Another idea was to keep all data in data- attributes of the parent div element like:
<div class="product" data-product_id="123" data-title="abc" data-body="Body">
but for much as I know jQuery doesn't work with data attributes well (natively).
So what are your suggestions? Maybe you have some even better ideas to share.
P.S. I tried to find some information on the subject, but most likely failed to find the way to formulate it well so I found nothing about it. If there are links or even similar questions on stack exchange sites, please feel free to post them. Thank you in advance!
You can use HTML5 data attribute to store products data, as you have several properties of products to associate with each product block, you can JSON encode the object and assign to the top element, and then can access that on user interaction on that element or any child element.
var product = {
title: "abc",
description: "lorem ipsum",
price: 25.19,
img: "http://www.www.www/img.png",
link: "http://www.stackoverflow.com"
};
$(selector).data('product',JSON.stringify(product));
then to retrieve the object you can do on any event's callback
$product = $.parseJSON($(elem).data('product'));
In fact both facebook and twitter used data attributes to store associated data with tweets and stories. For example here goes some html of a FB story
<li data-ft='{"qid":"5757245005920960301","mf_story_key":"7164261693049558180"}'
id="stream_story_4fe5d7d51bc415443080257">
You can see facebook is storing JSON encoded data into the data-ft attribute.

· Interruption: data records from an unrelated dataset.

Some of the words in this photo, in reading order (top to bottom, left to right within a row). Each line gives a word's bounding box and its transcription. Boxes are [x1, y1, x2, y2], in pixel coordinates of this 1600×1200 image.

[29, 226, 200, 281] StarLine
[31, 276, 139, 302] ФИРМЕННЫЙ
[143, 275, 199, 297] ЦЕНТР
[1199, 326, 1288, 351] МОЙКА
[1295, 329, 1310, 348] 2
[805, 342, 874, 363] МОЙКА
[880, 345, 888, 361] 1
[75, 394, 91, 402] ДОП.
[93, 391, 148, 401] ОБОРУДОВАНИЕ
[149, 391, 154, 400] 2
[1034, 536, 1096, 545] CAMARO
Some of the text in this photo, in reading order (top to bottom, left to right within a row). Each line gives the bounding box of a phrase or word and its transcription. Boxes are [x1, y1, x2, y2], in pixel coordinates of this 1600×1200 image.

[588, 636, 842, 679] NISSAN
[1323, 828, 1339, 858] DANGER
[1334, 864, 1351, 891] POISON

Similarly an example of a Twitter tweet html
<div data-tweet-id="216534496567230464" data-item-id="216534496567230464"
data-screen-name="onimitch" data-user-id="123682011" data-is-reply-to="">
So twitter is saving associated data for a tweet into different attributes like data-tweet-id, data-user-id.

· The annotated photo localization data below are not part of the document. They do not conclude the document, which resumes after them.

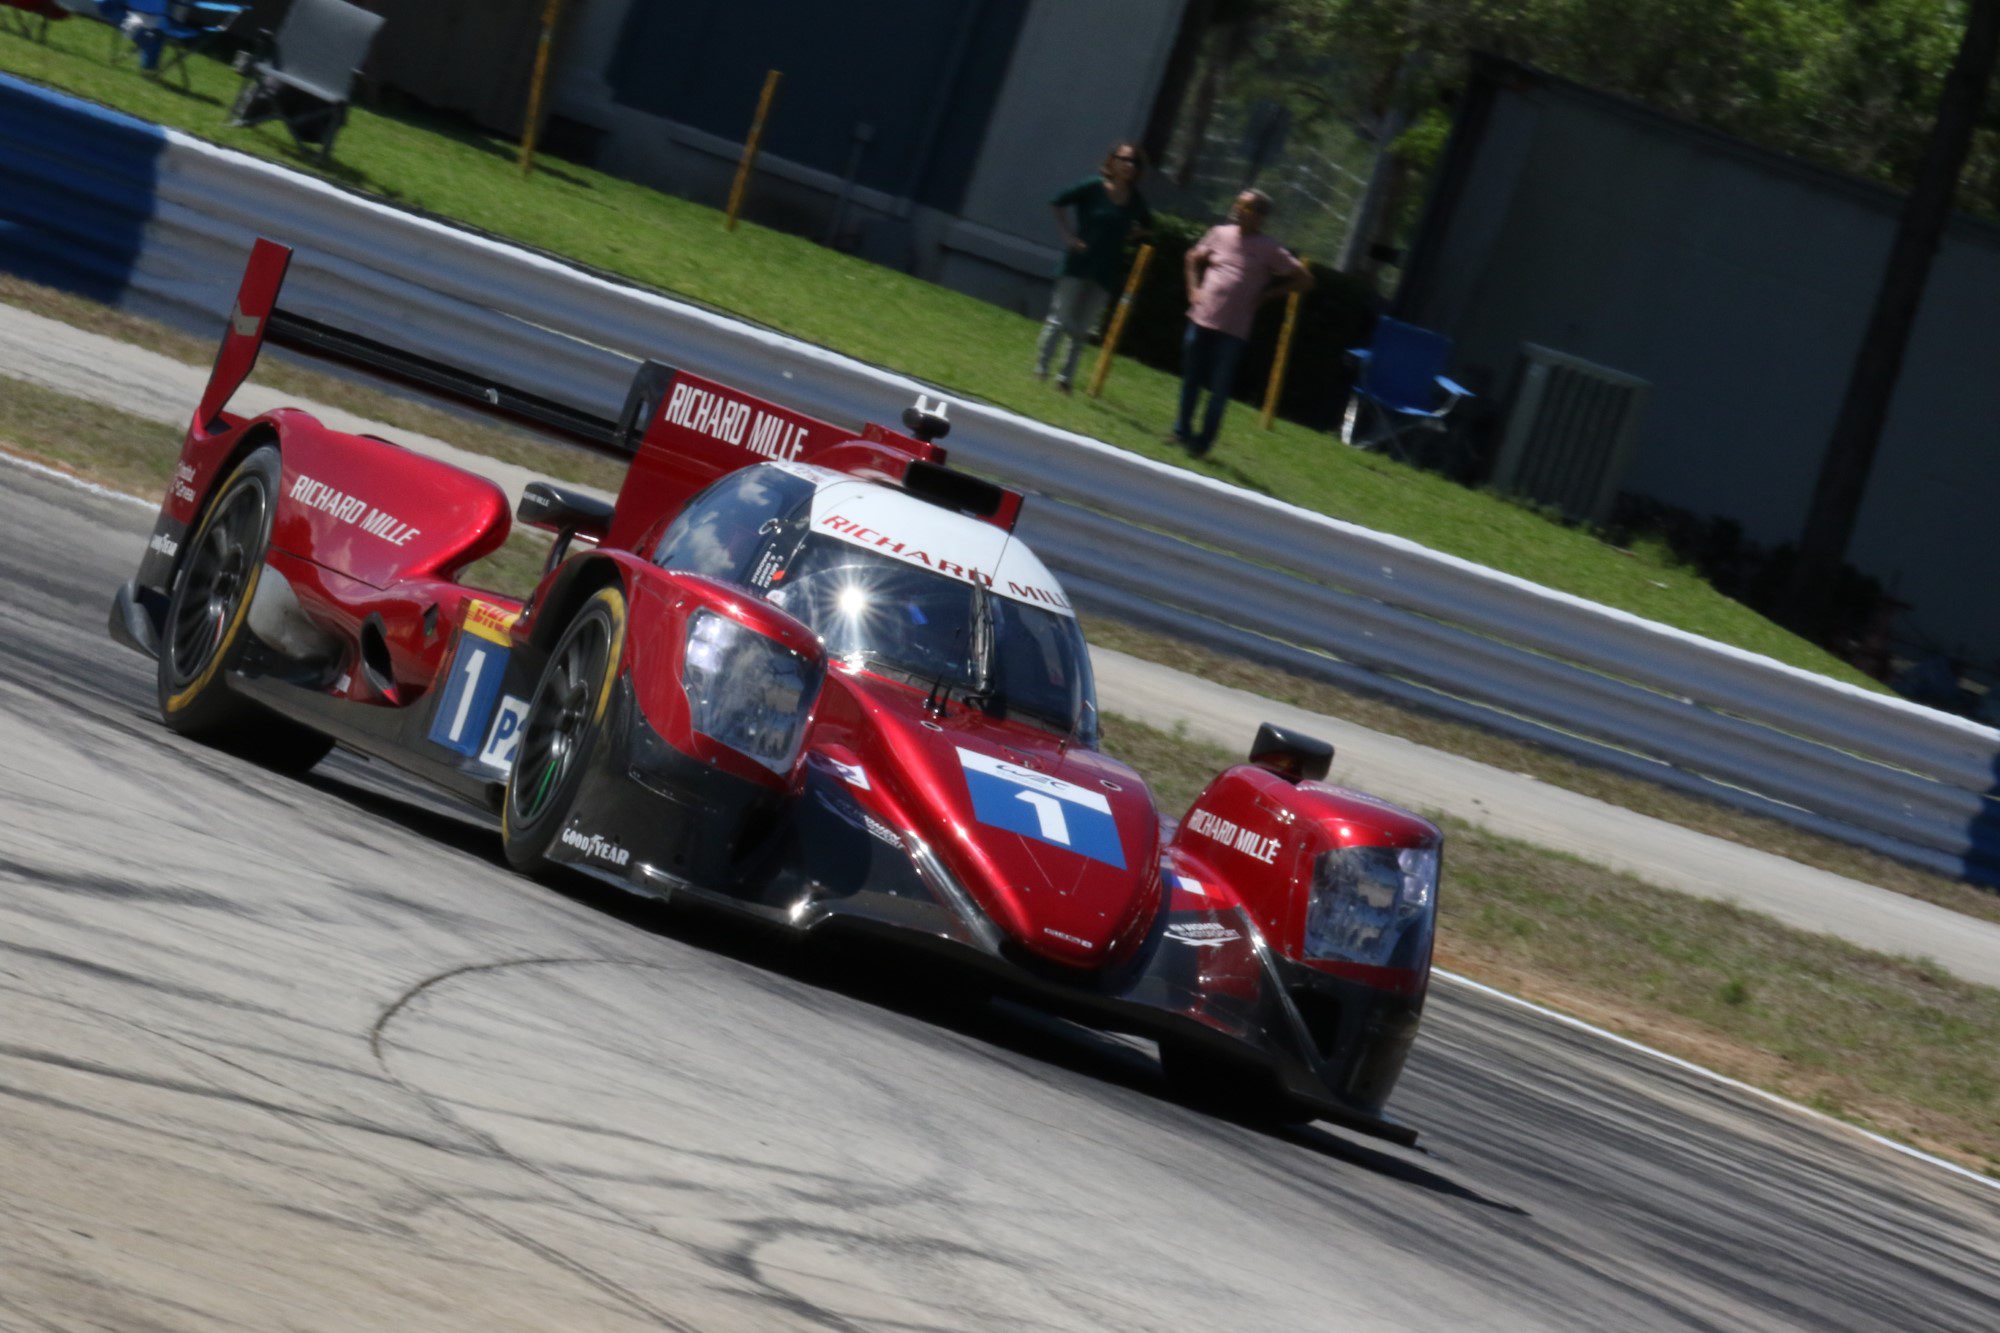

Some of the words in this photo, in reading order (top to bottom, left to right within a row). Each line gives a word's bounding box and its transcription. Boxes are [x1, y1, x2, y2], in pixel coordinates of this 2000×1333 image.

[665, 383, 751, 446] RICHARD
[746, 410, 809, 464] MILLE
[289, 474, 367, 525] RICHARD
[359, 508, 421, 546] MILLE
[822, 515, 993, 587] RICHARD
[1008, 581, 1073, 610] MILL
[449, 649, 486, 743] 1
[562, 827, 630, 866] GOODYEAR
[1014, 790, 1071, 846] 1
[1187, 808, 1237, 846] RICHARD
[1236, 828, 1282, 864] MILLE

So As they both handle's a lot amount of data, I think You can also use either of the method to save your data without any performance issue.

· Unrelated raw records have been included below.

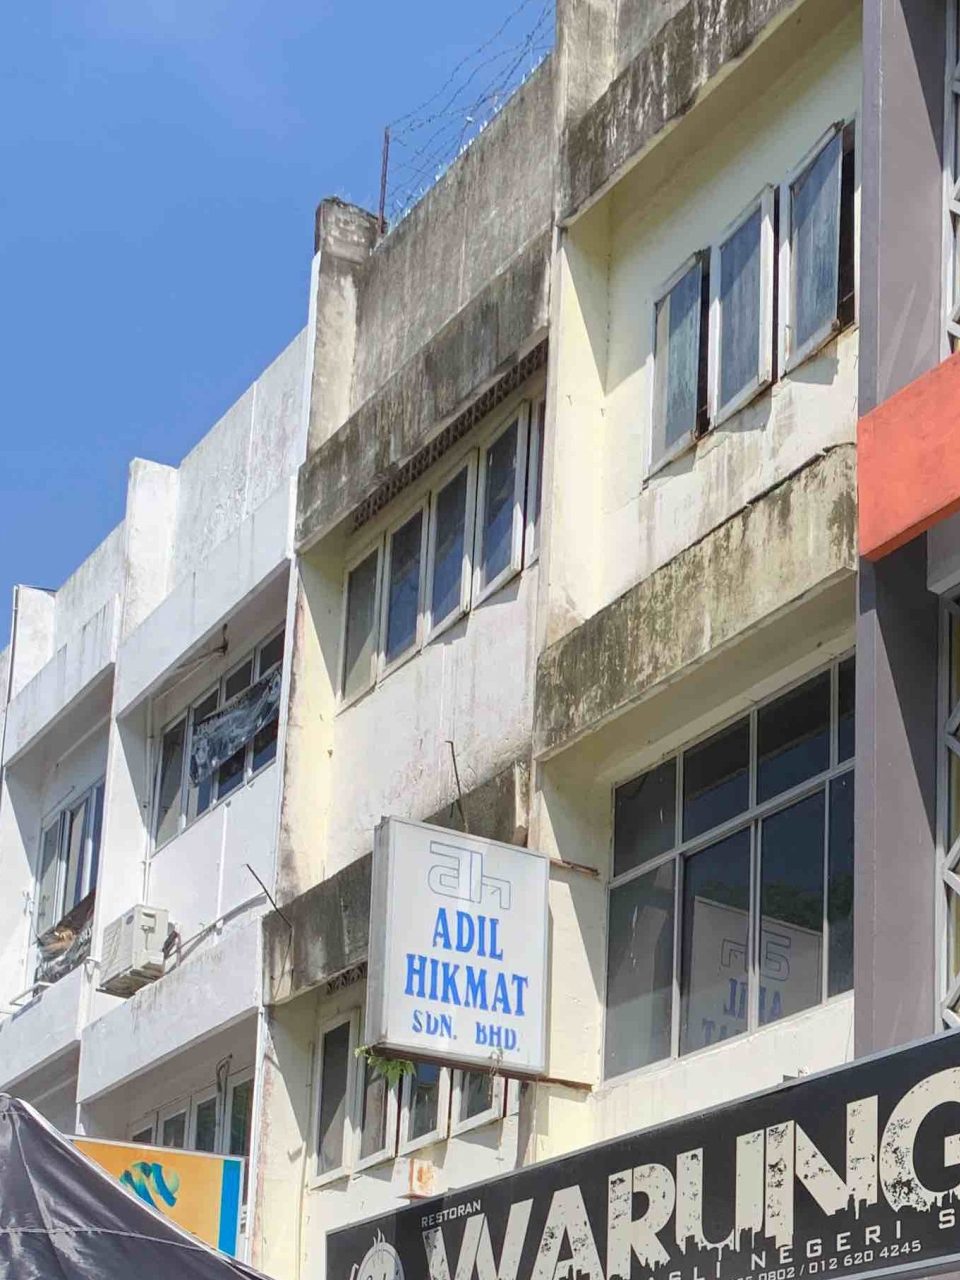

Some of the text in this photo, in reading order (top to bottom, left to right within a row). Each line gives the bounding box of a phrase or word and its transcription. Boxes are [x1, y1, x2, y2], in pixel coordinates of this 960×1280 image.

[432, 907, 504, 961] ADIL
[404, 953, 529, 1017] HIKMAT
[411, 1009, 521, 1052] SDN. BHD.
[421, 1199, 482, 1229] RESTORAN
[751, 1220, 902, 1272] NEGERI
[808, 1257, 838, 1275] 012
[843, 1250, 874, 1268] 620
[879, 1239, 922, 1260] 4245
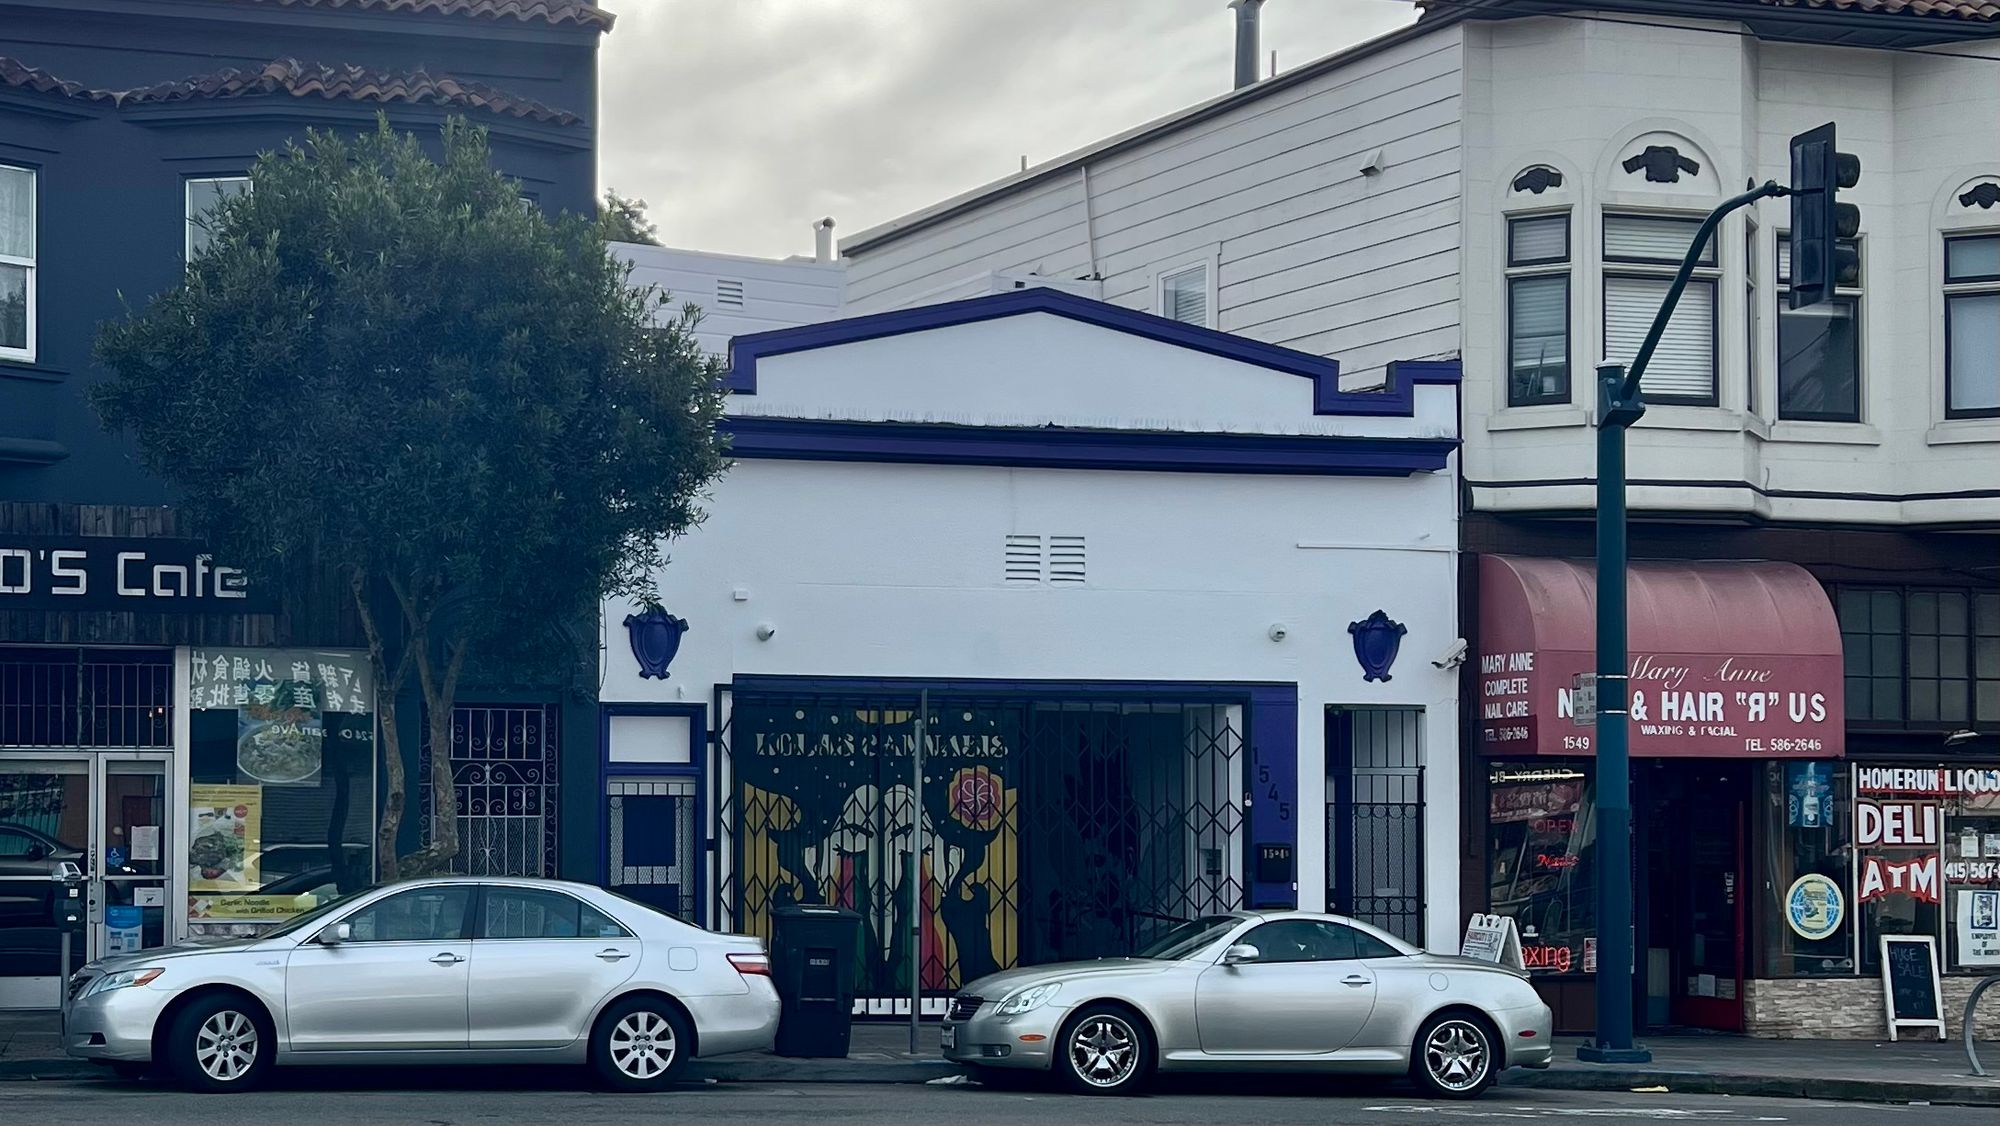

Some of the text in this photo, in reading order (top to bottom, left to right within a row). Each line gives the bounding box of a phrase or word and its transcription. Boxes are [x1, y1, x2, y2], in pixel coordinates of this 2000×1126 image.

[117, 551, 248, 598] Cafe
[1481, 652, 1533, 674] MARY ANNE
[1630, 655, 1774, 689] Mary Anne
[1485, 678, 1528, 696] COMPLETE
[1485, 701, 1529, 719] NAIL CARE
[1631, 690, 1648, 721] &
[1661, 691, 1724, 721] HAIR
[1788, 692, 1826, 723] US
[1641, 725, 1738, 736] WAXING & FACIAL
[1563, 736, 1590, 749] 1549
[1770, 738, 1821, 751] 586-2646
[1859, 768, 1940, 791] HOMERUN
[1858, 803, 1936, 844] DELI
[1862, 857, 1938, 899] ATM
[1970, 862, 2000, 879] 587-

If you store data with individual keys then be aware of the automatic data conversion that .data() does as #nnnnnn has already mentioned in comment.
Demo With .data() : http://jsfiddle.net/joycse06/vcFYj/
Demo With .attr() : http://jsfiddle.net/joycse06/vcFYj/1/
No need to use ids or references within the DOM. Keep it clean.
Just use the data() function in jquery and bind it to the html elements. That way when you click on each element you will be able to get the object by calling this from within your click event.
//loop through your elements in the dom or build them dynamically.
$.each('div.products', function(){
$(this).data('product', <your data>);
};
//assign a handler to each element and grab the data object by using this. :)
$(container).delegate('.products', 'click' function(){
console.log($(this).data('product'))
});
I don't recommend you to keep your data in an object and fill HTML with it,
There are reasons for this:
Your data is open to all hackers to steal.
When your data is too big to fetch, your page can be initially loaded without data - and it's what any web developer do not want.
Again, when your data is too big, old computers -computers which has approx. 512M Ram- may come to a deadlock
Again and again, when your data is too big, traversing or sorting it may costs too much time.
I understand that your data is static for minimum about 5 min.. What I recommend is,
Place your data with Server-side languages(PHP,ASP(.NET),Python,etc.)
Fetch data with queries seperately when your script needs it.
Anything you do not need is cost for your user, user may have lots of page in his/her browser and it will be cause of deadlock too.
p.s. Any detail will help me to help you more.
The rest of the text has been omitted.